This model was trained in Google Colab on a T4 GPU using QLoRA. The training process specialized the model, resulting in a **2.4x inference speedup** on the same GPU compared to the base model.
- **Base Model:** [TinyLlama/TinyLlama-1.1B-Chat-v1.0](https://huggingface.co/TinyLlama/TinyLlama-1.1B-Chat-v1.0)
- **Dataset:** [Abirate/english_quotes](https://huggingface.co/datasets/Abirate/english_quotes)
## ⚡ Quick Start (How to use)
This shows how to load the 4-bit quantized base model and merge these adapters for fast inference on a GPU.
```python
import torch
from transformers import AutoModelForCausalLM, AutoTokenizer, pipeline, BitsAndBytesConfig
from peft import PeftModel
base_model_name = "TinyLlama/TinyLlama-1.1B-Chat-v1.0"

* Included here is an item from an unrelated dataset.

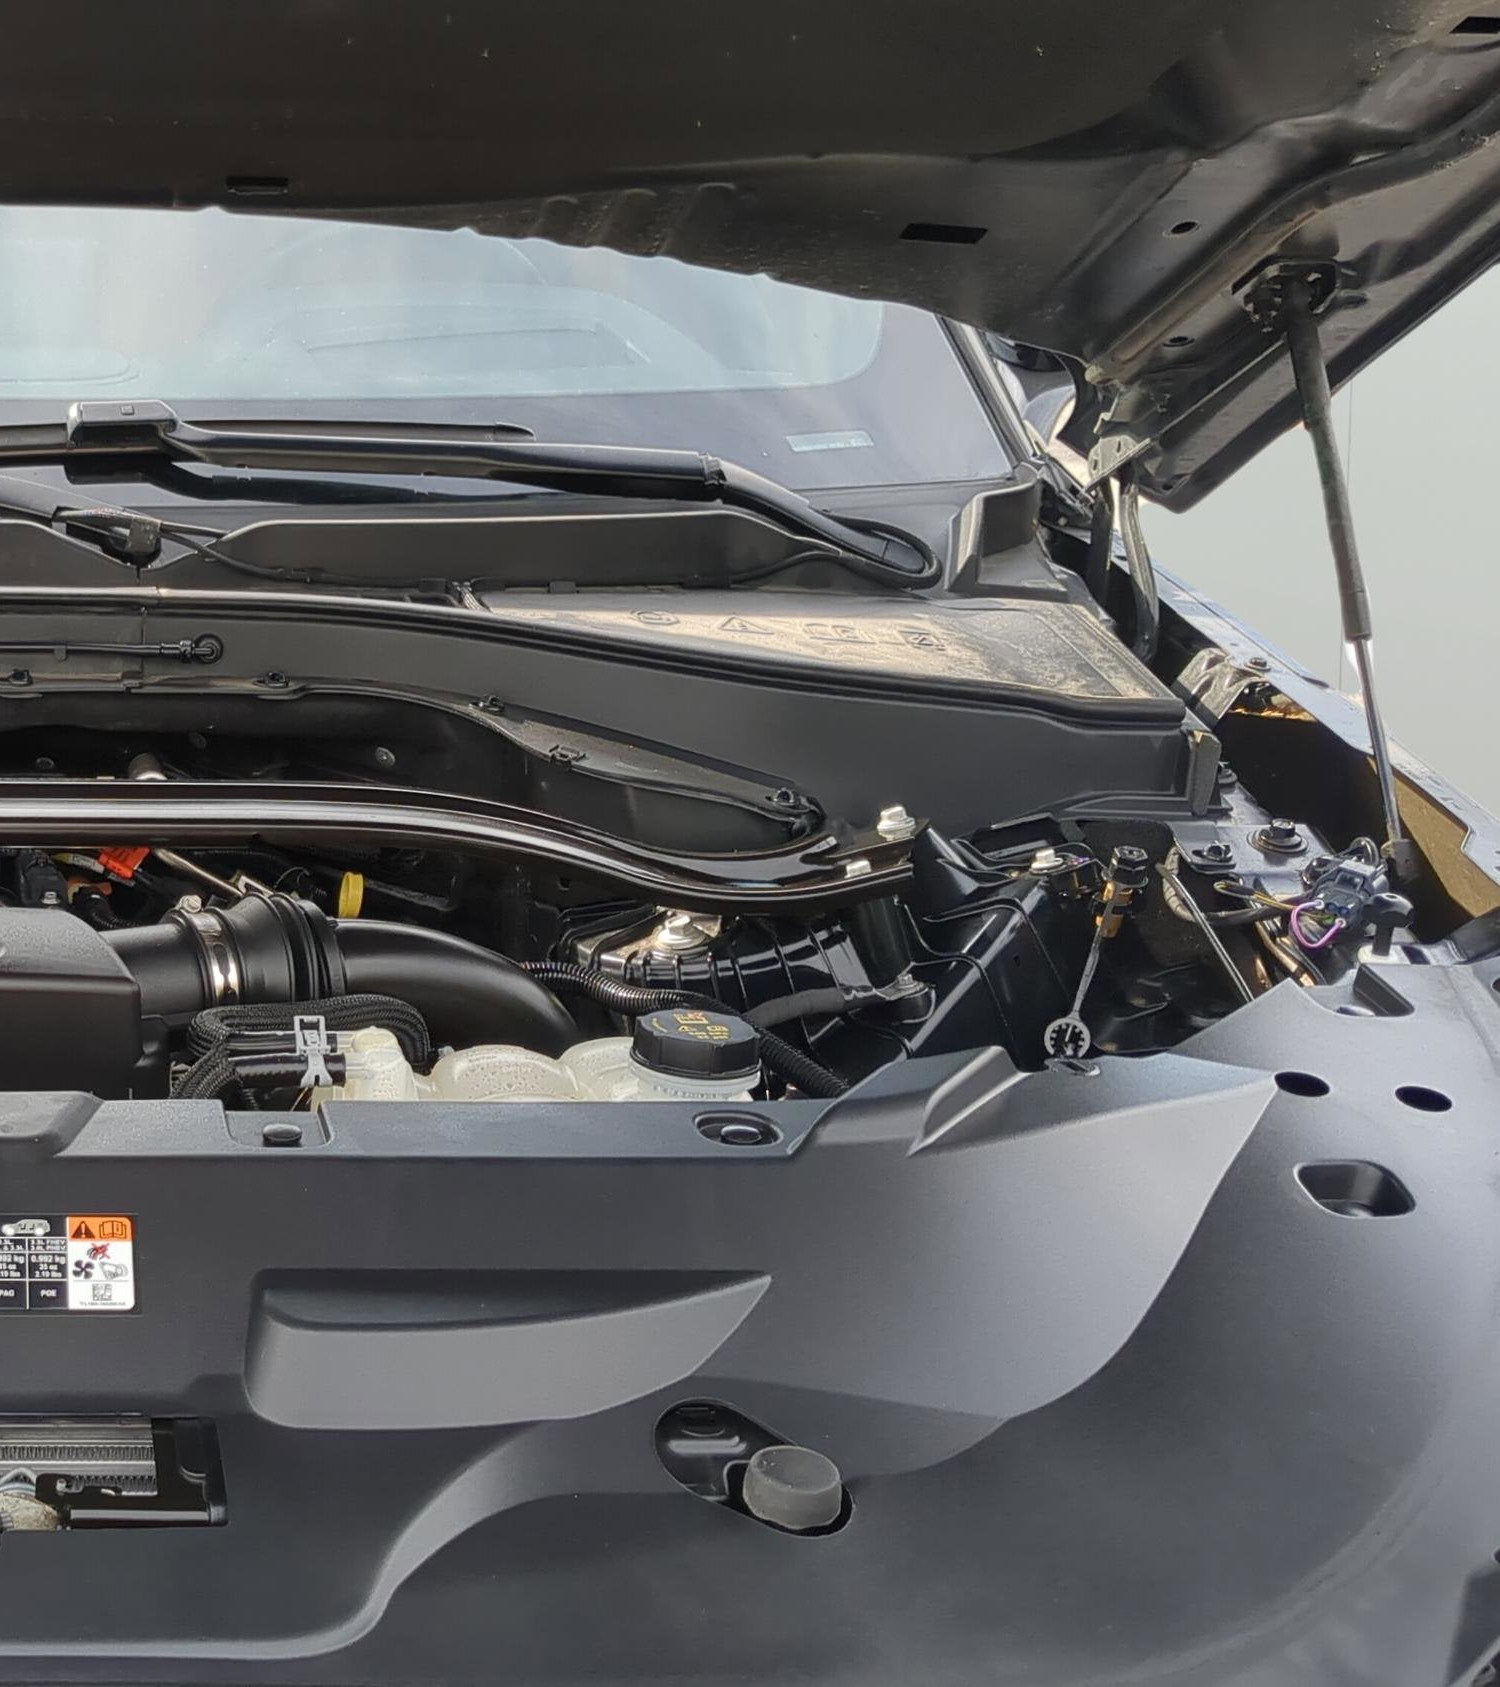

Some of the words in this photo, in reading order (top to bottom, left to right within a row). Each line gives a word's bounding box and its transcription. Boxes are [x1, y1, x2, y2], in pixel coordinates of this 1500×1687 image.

adapter_repo_name = "bkqz/tinyllama-quotes-adapters" # This repo
# 1. Load the 4-bit base model
bnb_config = BitsAndBytesConfig(
load_in_4bit=True,
bnb_4bit_quant_type="nf4",
bnb_4bit_compute_dtype=torch.float16,
bnb_4bit_use_double_quant=True,
)
base_model = AutoModelForCausalLM.from_pretrained(
base_model_name,
quantization_config=bnb_config,
device_map="auto",
trust_remote_code=True,
)
# 2. Load the tokenizer
tokenizer = AutoTokenizer.from_pretrained(base_model_name, trust_remote_code=True)
tokenizer.pad_token = tokenizer.eos_token
tokenizer.padding_side = "right"
# 3. Load the LoRA adapters from this repo
finetuned_model = PeftModel.from_pretrained(base_model, adapter_repo_name)
print("Base model and LoRA adapters loaded.")
# 4. Cast adapters to float16 to fix data type mismatch
finetuned_model.to(torch.float16)
# 5. Set up the generation pipeline
pipe = pipeline(
"text-generation",
model=finetuned_model,
tokenizer=tokenizer,
device_map="auto"
)
# 6. Generate a quote
prompt = "Keyword: life\nQuote:"
result = pipe(
prompt,
max_new_tokens=80,
do_sample=True,
temperature=0.7,
top_p=0.9,
eos_token_id=tokenizer.eos_token_id
)
print(result[0]['generated_text'])
```
## 💬 Prompt Format
This model was trained on a very specific format. For best results, your prompt **must** end with `\nQuote:`.
```
Keyword: [YOUR_KEYWORD]\nQuote:
```
The model will generate a single quote and append ` - Unknown`.
## 🛠️ Training Procedure
This model was fine-tuned using `trl.SFTTrainer` with QLoRA.
* **Dataset:** The `Abirate/english_quotes` dataset was "exploded" so that each `(quote, tag)` pair became a unique training example.
* **Format:** The training text was formatted as `Keyword: [tag]\nQuote: [quote] - Unknown`. This was done to overwrite the base model's habit of adding real authors.
* **Evaluation:** The model was trained with an 10% evaluation split and `early_stopping_patience=3` to prevent overfitting.
### Framework Versions
* TRL: 0.25.0
* Transformers: 4.57.1
* Pytorch: 2.8.0+cu126
* Datasets: 4.0.0
* Tokenizers: 0.22.1